Could you set down the records below exactly as they are, with no pictures?

--------------------------------

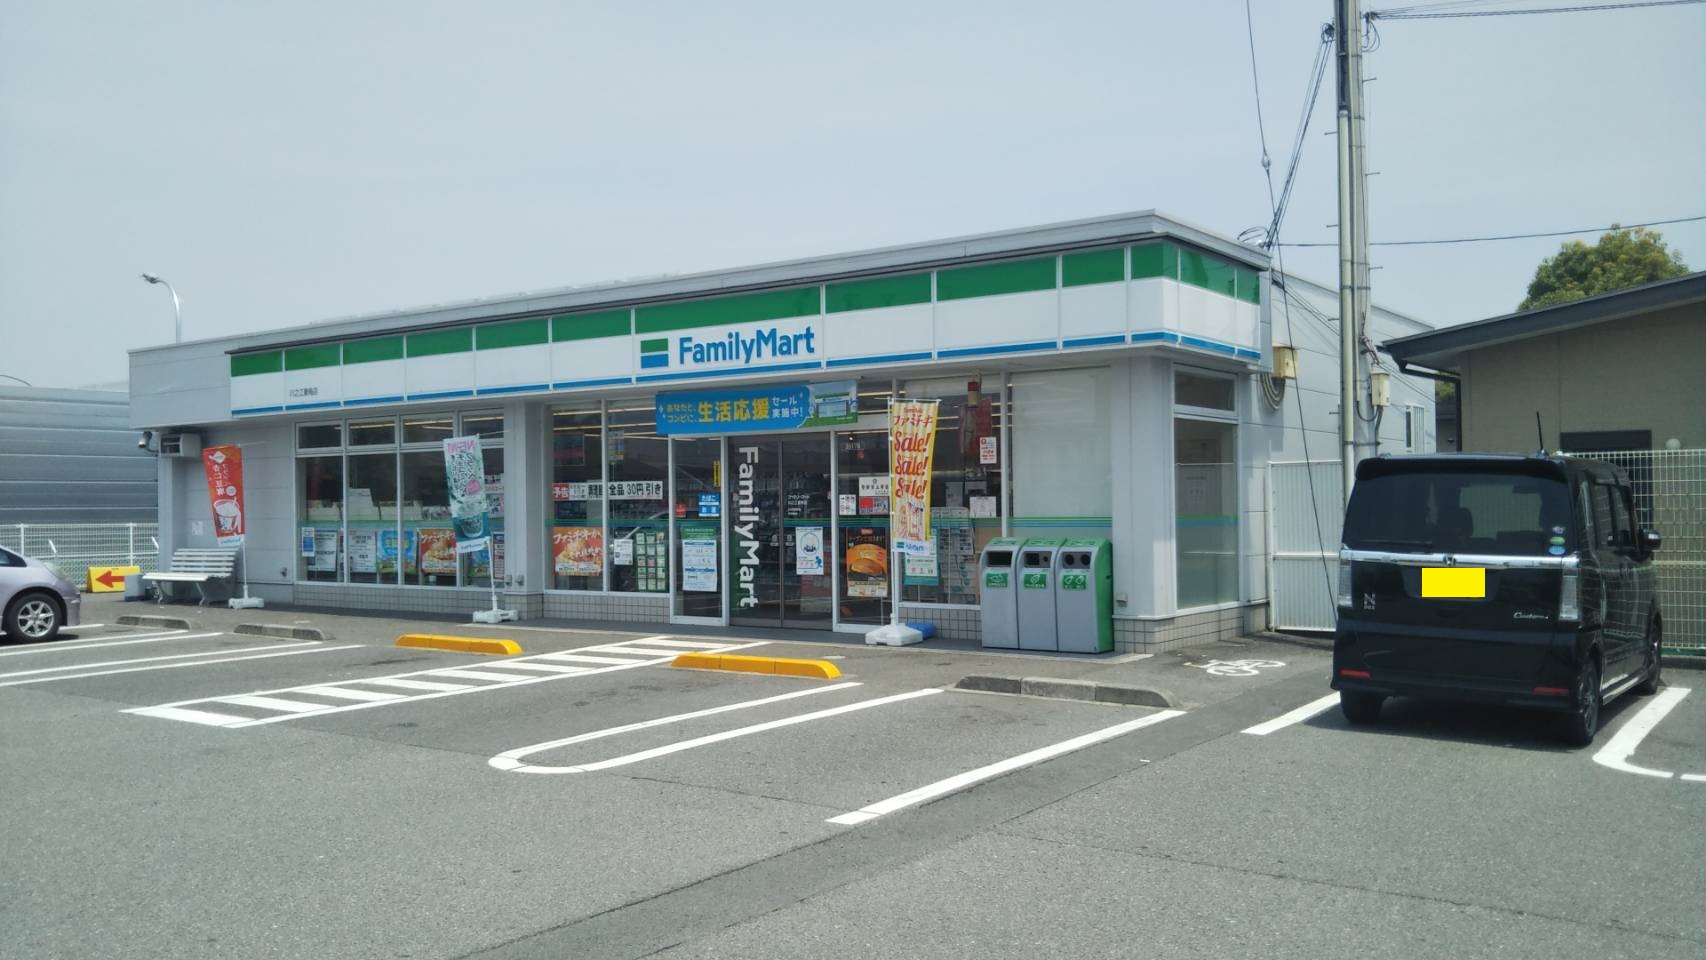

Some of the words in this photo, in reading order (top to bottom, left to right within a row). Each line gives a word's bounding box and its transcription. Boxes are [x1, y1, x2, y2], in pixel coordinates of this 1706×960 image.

[679, 326, 815, 364] FamilyMart
[698, 397, 770, 422] 生活応援
[772, 395, 797, 405] セール
[894, 431, 932, 453] Sale!
[895, 454, 929, 476] Sale!
[734, 446, 760, 608] FamilyMart
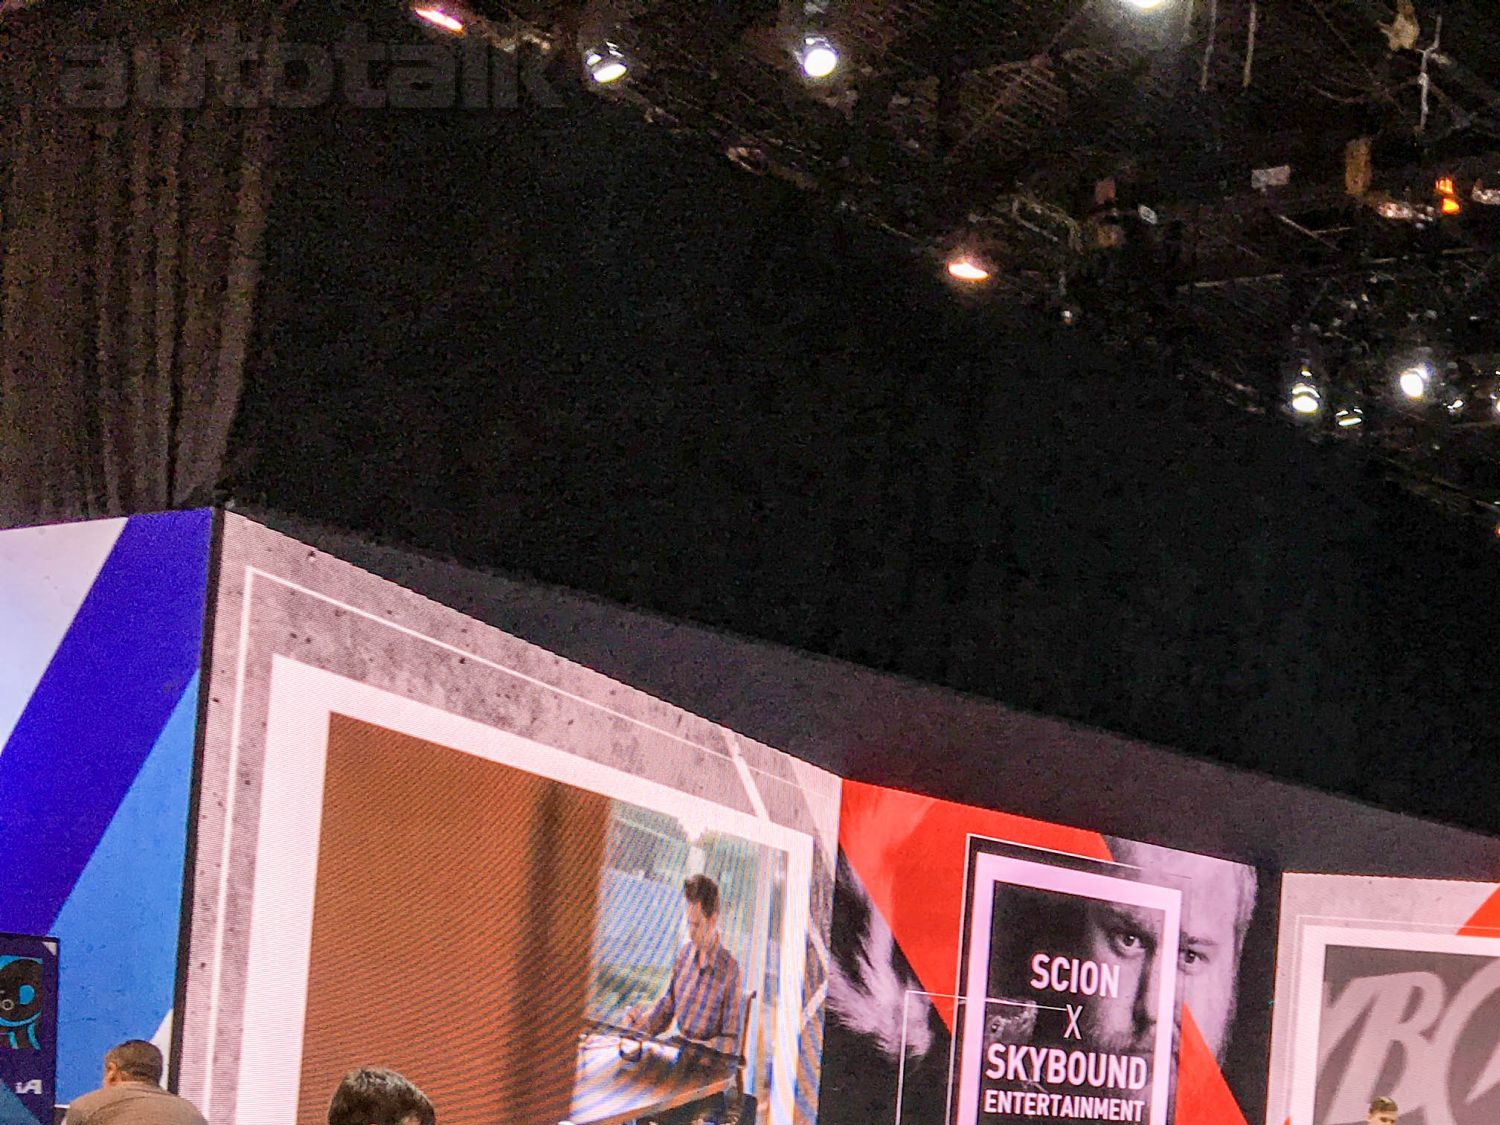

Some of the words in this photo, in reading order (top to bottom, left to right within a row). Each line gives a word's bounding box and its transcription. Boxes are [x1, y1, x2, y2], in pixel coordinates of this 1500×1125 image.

[1030, 953, 1121, 998] SCION
[1063, 1004, 1082, 1039] X
[984, 1043, 1148, 1090] SKYBOUND
[983, 1089, 1146, 1123] ENTERTAINMENT
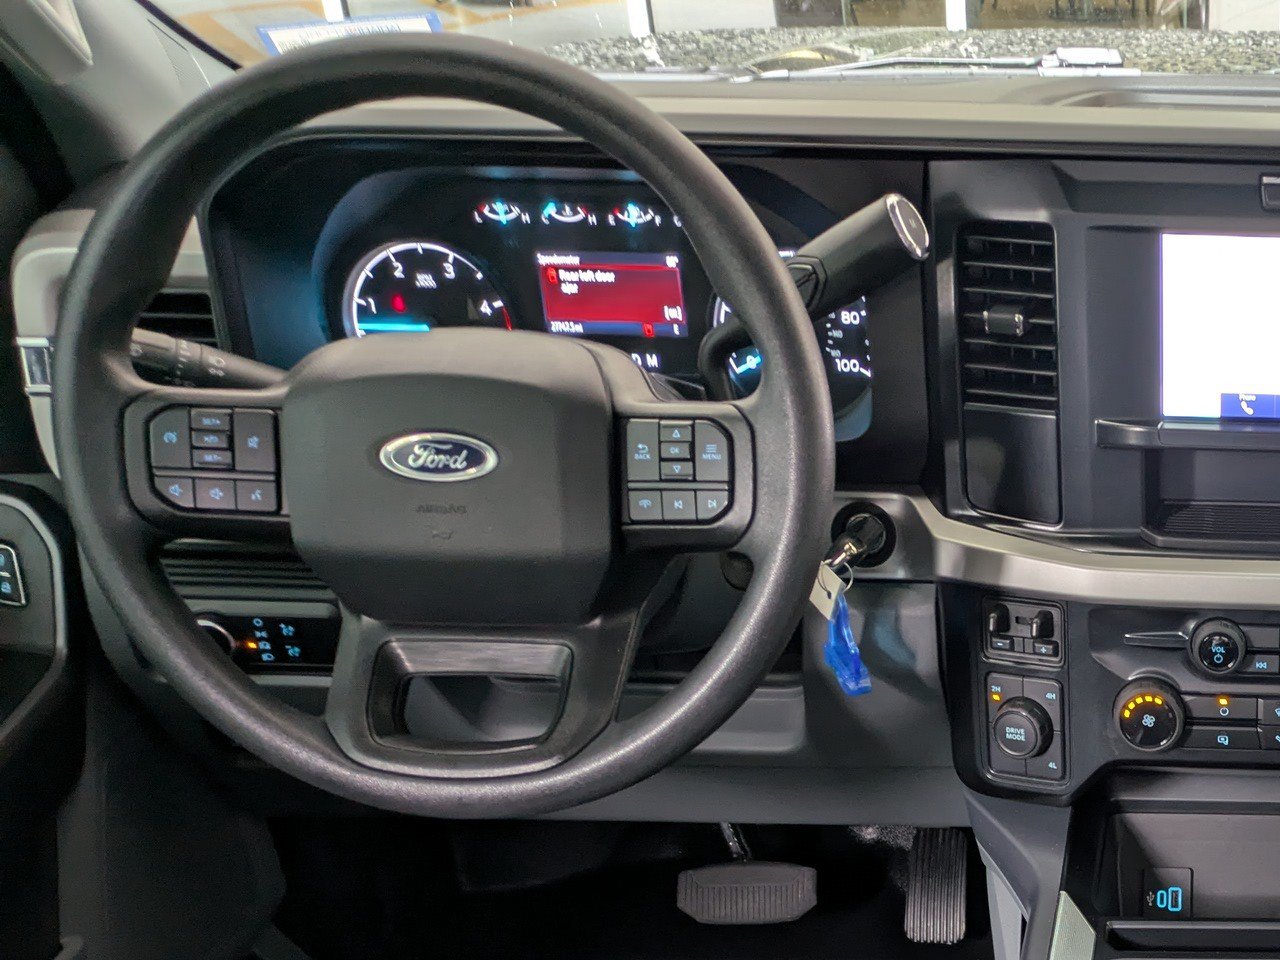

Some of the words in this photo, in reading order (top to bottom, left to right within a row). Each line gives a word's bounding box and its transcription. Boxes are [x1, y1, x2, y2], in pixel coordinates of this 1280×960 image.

--------------------------------

● **Exercise result**
Some of the words in this photo, in reading order (top to bottom, left to right within a row). Each line gives a word's bounding box and its transcription. Boxes are [x1, y1, x2, y2], in pixel coordinates of this 1706×960 image.

[679, 326, 815, 364] FamilyMart
[698, 397, 770, 422] 生活応援
[772, 395, 797, 405] セール
[894, 431, 932, 453] Sale!
[895, 454, 929, 476] Sale!
[734, 446, 760, 608] FamilyMart

Some of the words in this photo, in reading order (top to bottom, left to right within a row). Each line gives a word's bounding box and its transcription. Boxes are [x1, y1, x2, y2], in pixel coordinates of this 1500×1125 image.

[1030, 953, 1121, 998] SCION
[1063, 1004, 1082, 1039] X
[984, 1043, 1148, 1090] SKYBOUND
[983, 1089, 1146, 1123] ENTERTAINMENT

Some of the words in this photo, in reading order (top to bottom, left to right within a row). Each line gives a word's bounding box and its transcription. Boxes are [x1, y1, x2, y2], in pixel coordinates of this 1280×960 image.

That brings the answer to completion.